Scientists at the March of Dimes Prematurity Research Center (PRC) at Stanford have created a blood test that identifies a woman’s risk of developing preeclampsia, a dangerous and complex condition marked by high blood pressure in pregnancy.

The PRC team identified 18 genes that, when their expression is measured through a simple blood test before a pregnant woman reaches 16 weeks, can predict her risk of developing preeclampsia later in pregnancy.

If brought to a clinical setting in the form of a test, it would be the first preeclampsia test available that could identify women at risk before signs and symptoms are even present.

The study was published in the journal Nature by lead author Dr. Mira Moufarrej, then a Stanford Medicine PhD student in bioengineering and a collaborator at the PRC at Stanford, and colleagues. She said the test performed with a 75% accuracy in identifying women at risk for preeclampsia with or without severe symptoms. The team analyzed 404 samples in 199 pregnant women and were able to identify up to three quarters of women who went on to develop preeclampsia.
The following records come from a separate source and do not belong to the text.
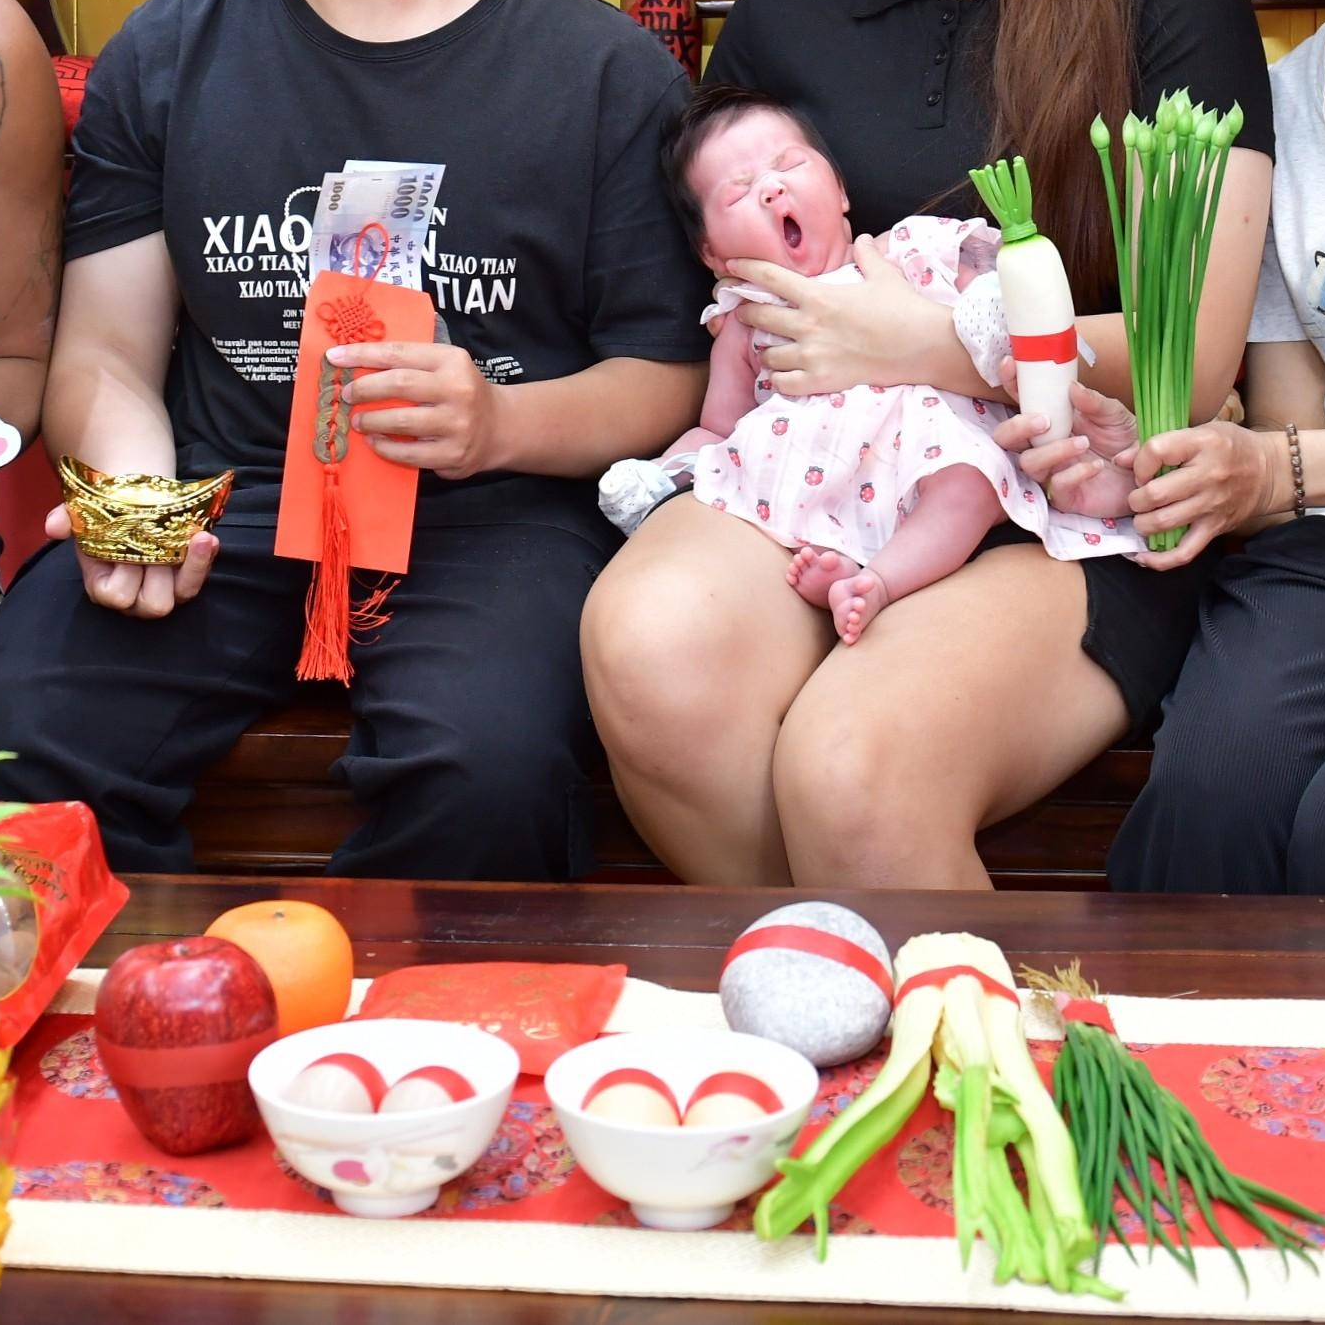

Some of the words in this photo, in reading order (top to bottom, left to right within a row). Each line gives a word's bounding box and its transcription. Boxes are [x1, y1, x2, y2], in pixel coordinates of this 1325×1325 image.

[328, 181, 345, 211] 1000
[391, 176, 418, 219] 1000
[202, 214, 313, 254] XIAO
[205, 255, 254, 272] XIAO
[258, 255, 308, 271] TIAN
[439, 253, 477, 274] XIAO
[481, 258, 517, 275] TIAN
[238, 280, 274, 298] XIAO
[276, 280, 310, 298] TIAN
[429, 274, 517, 315] TIAN
[283, 309, 298, 318] JOIN
[283, 321, 301, 329] MEET
[248, 339, 262, 350] pas
[263, 339, 279, 347] son
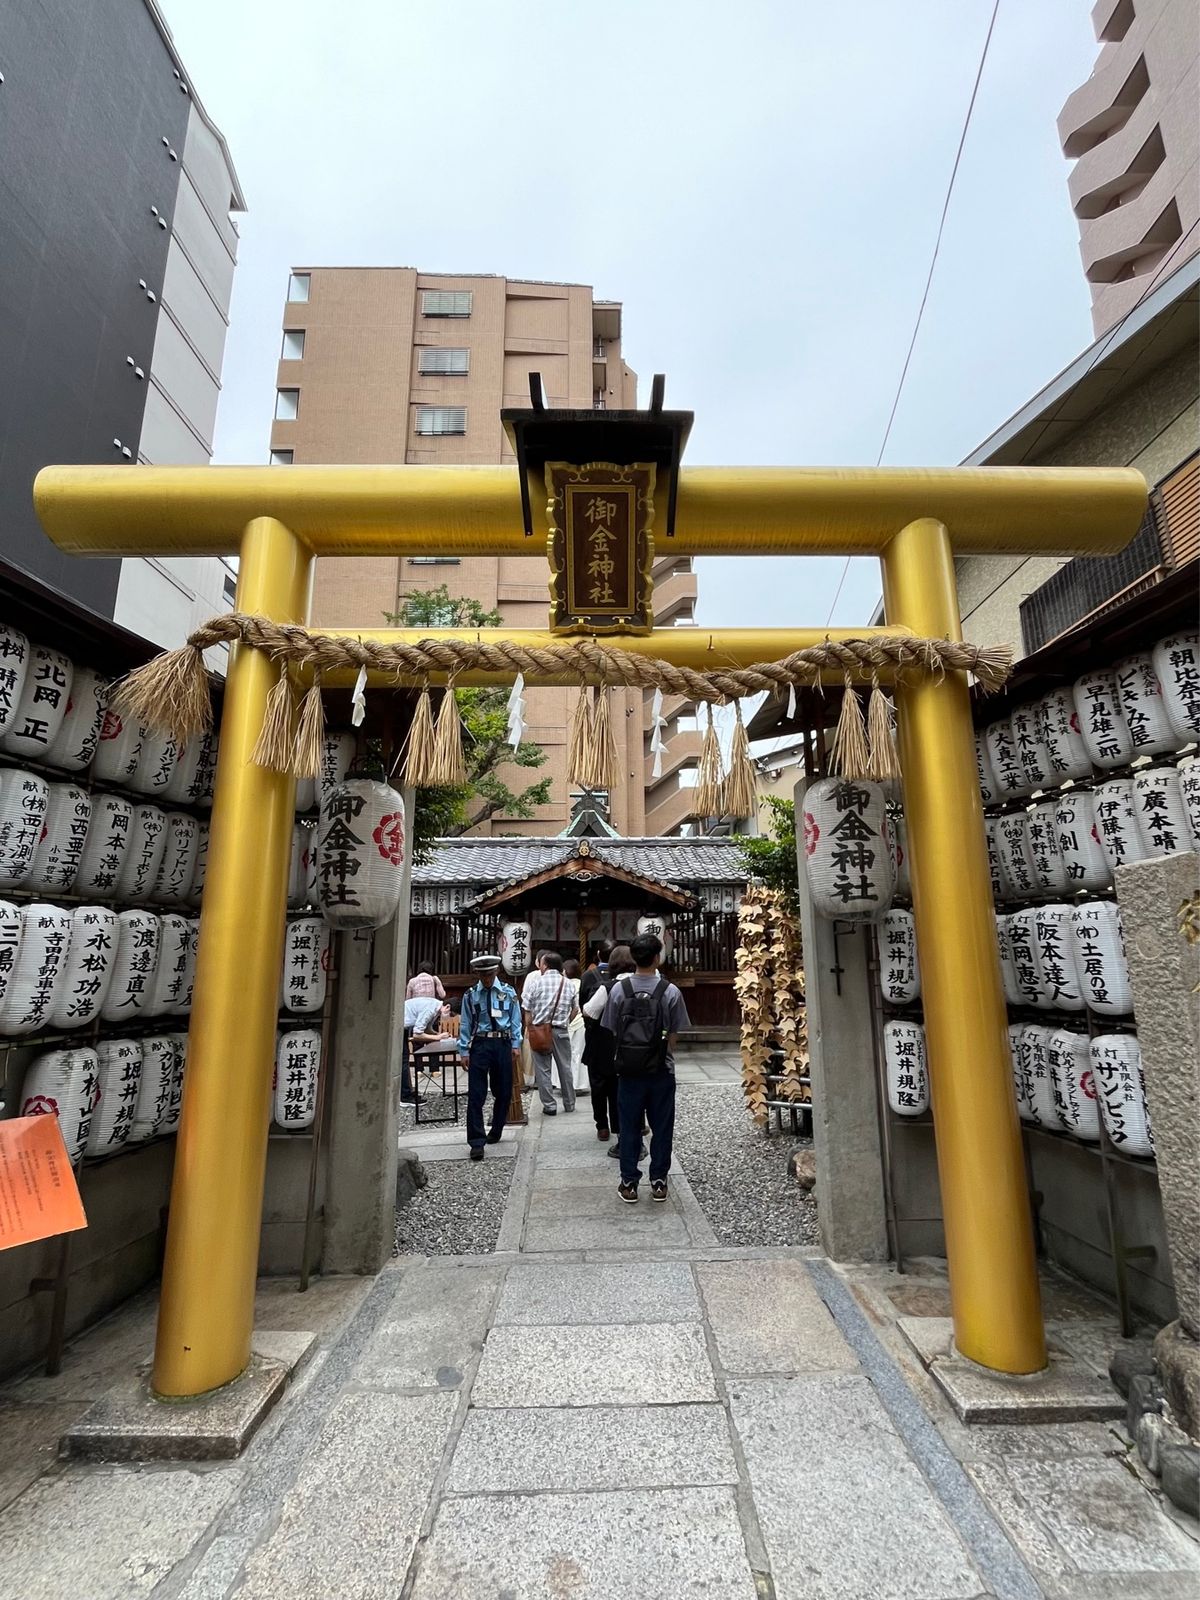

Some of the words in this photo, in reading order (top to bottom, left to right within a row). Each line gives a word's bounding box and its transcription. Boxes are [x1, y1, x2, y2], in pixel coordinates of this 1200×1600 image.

[584, 498, 617, 604] 御金神社
[15, 665, 66, 744] 北岡正
[1085, 685, 1121, 759] 早見雄二郎
[995, 733, 1024, 790] 大真工業
[1137, 777, 1169, 789] 献灯
[23, 780, 49, 797] 献灯
[106, 802, 132, 815] 献灯
[1095, 786, 1122, 796] 献灯
[5, 795, 47, 879] (株)西村測量
[141, 810, 165, 823] 献灯
[172, 818, 195, 829] 献灯
[1142, 790, 1178, 855] 廣本晴
[320, 786, 366, 908] 御金神社
[824, 782, 879, 904] 御金神社
[38, 916, 71, 929] 献灯
[83, 914, 115, 926] 献灯
[129, 917, 157, 928] 献灯
[291, 924, 317, 933] 献灯
[884, 916, 908, 925] 献灯
[1036, 911, 1064, 922] 献灯
[1072, 911, 1098, 921] 献灯
[66, 928, 111, 1018] 永松功浩
[289, 936, 311, 1007] 堀井規隆
[511, 926, 528, 972] 御金神社
[887, 931, 910, 999] 堀井規隆
[1036, 922, 1078, 1000] 阪本達人
[1076, 925, 1113, 1004] (有)土居の里
[18, 932, 65, 1026] 寺田自動車工業所
[286, 1040, 313, 1049] 献灯
[893, 1029, 917, 1038] 献灯
[1091, 1047, 1118, 1059] 献灯
[284, 1053, 309, 1121] 堀井規隆
[895, 1041, 919, 1107] 堀井規隆
[1118, 1061, 1136, 1101] 有限会社
[107, 1061, 142, 1144] 堀井規隆
[1095, 1062, 1128, 1143] サンビック
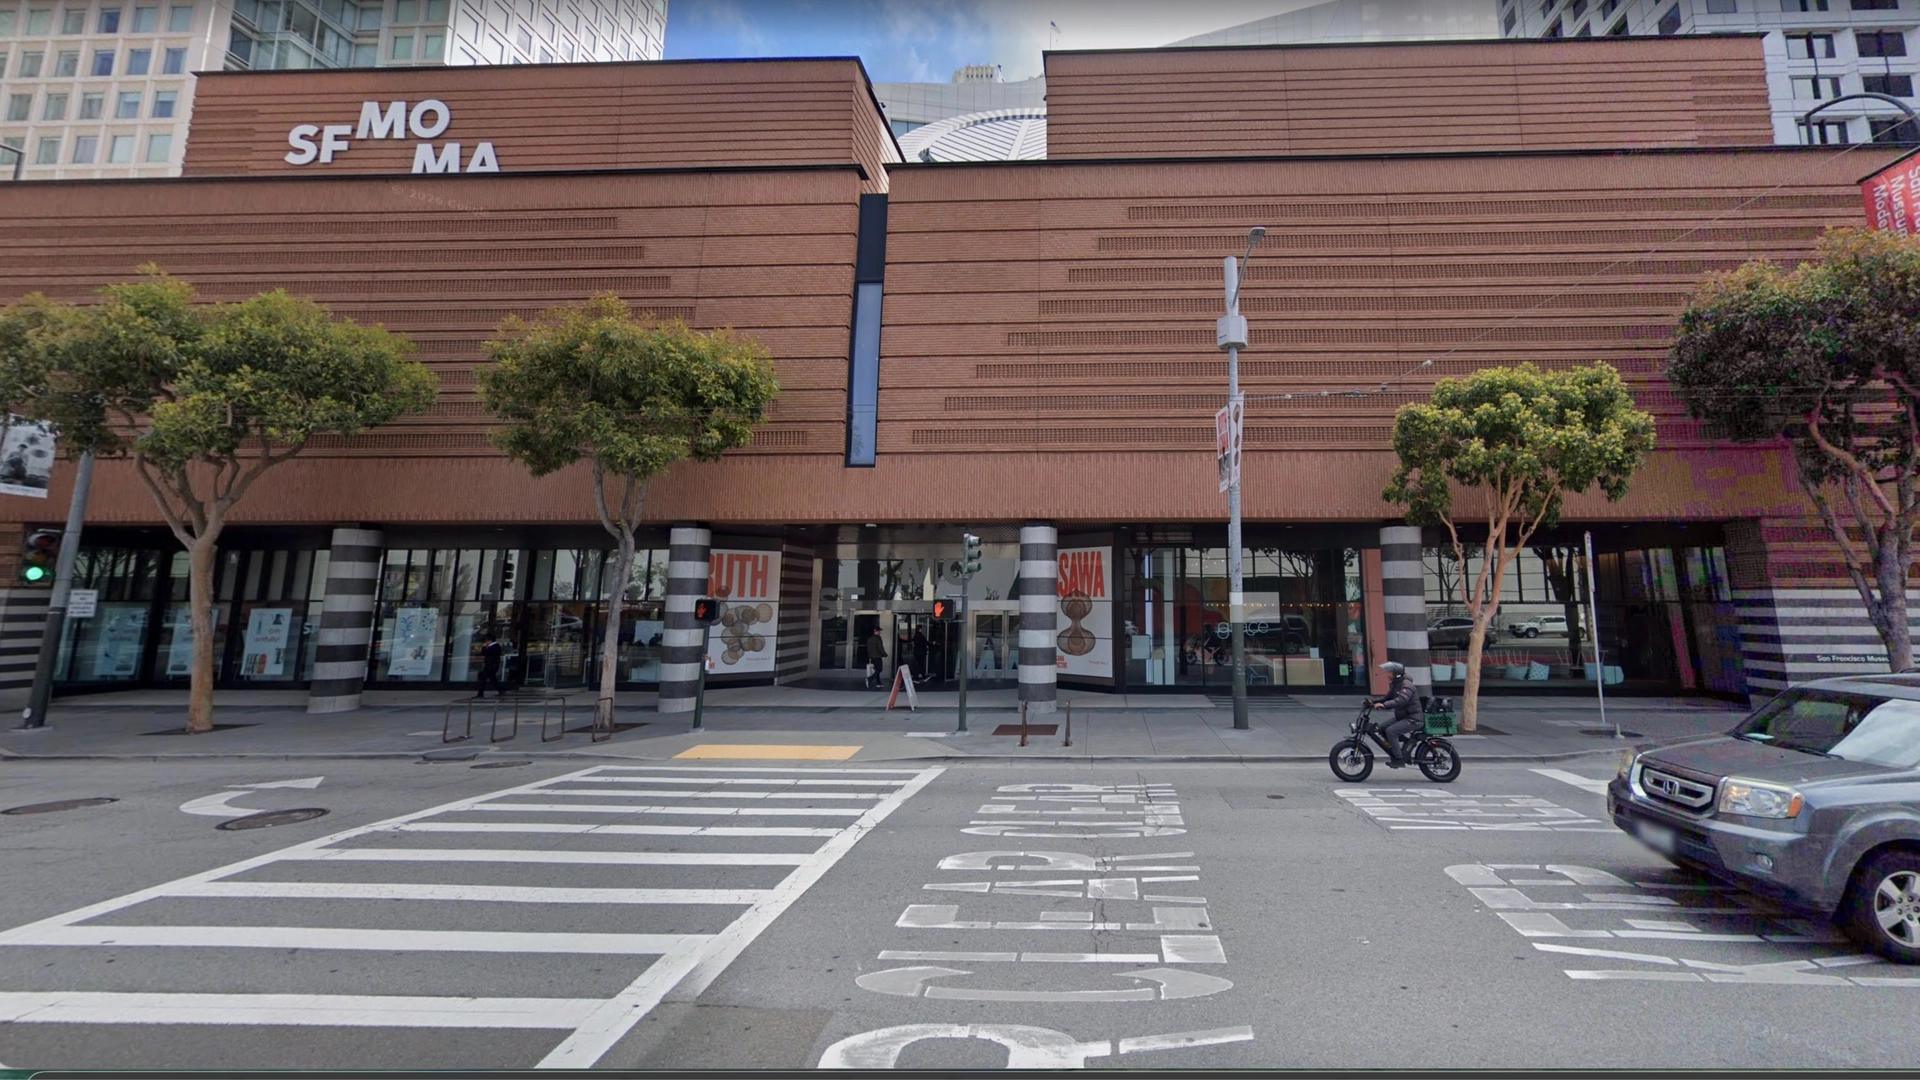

If validated in larger studies, the test would be a breakthrough for preeclampsia screening and treatment. Because preeclampsia is complex and not very well understood, it’s either diagnosed in late pregnancy or postpartum, or misdiagnosed completely. This makes it the second leading cause of maternal death globally. However, early screening could lead to preventative treatment, potentially with over-the-counter medications, or through more personalized monitoring and care.

The test, termed a liquid biopsy, works by measuring the cell-free RNA (cfRNA) expression of 18 genes associated with preeclampsia (although the team identified over 500 genes that are affected by the condition). 

In preeclamptic women, those 18 genes are abnormally expressed—either higher or lower than normal expression, much like a sound or signal that’s either brighter or dimmer than expected. These genes, along with hundreds of others that are abnormally expressed in women with the condition, regulate the placenta, the immune system, the brain, and the blood vessels, as well as other organ systems, including the liver, kidneys, muscle, and bone marrow. 

The test is incredibly significant for three reasons. First, it would allow early screening and treatment (there are promising over-the-counter solutions that can improve outcomes if started early in pregnancies at risk for preeclampsia). Second, healthcare providers could treat patients based on which part of the body shows abnormal expression, opening the door for individualized, targeted care. Third, availability of a test that reliably predicts preeclampsia would facilitate drug development and testing, opening the door for exciting novel therapeutic interventions.

Dr. Moufarrej said a test based off this scientific method is already being developed for use clinically, and, if validated, could be available to women in the next several years.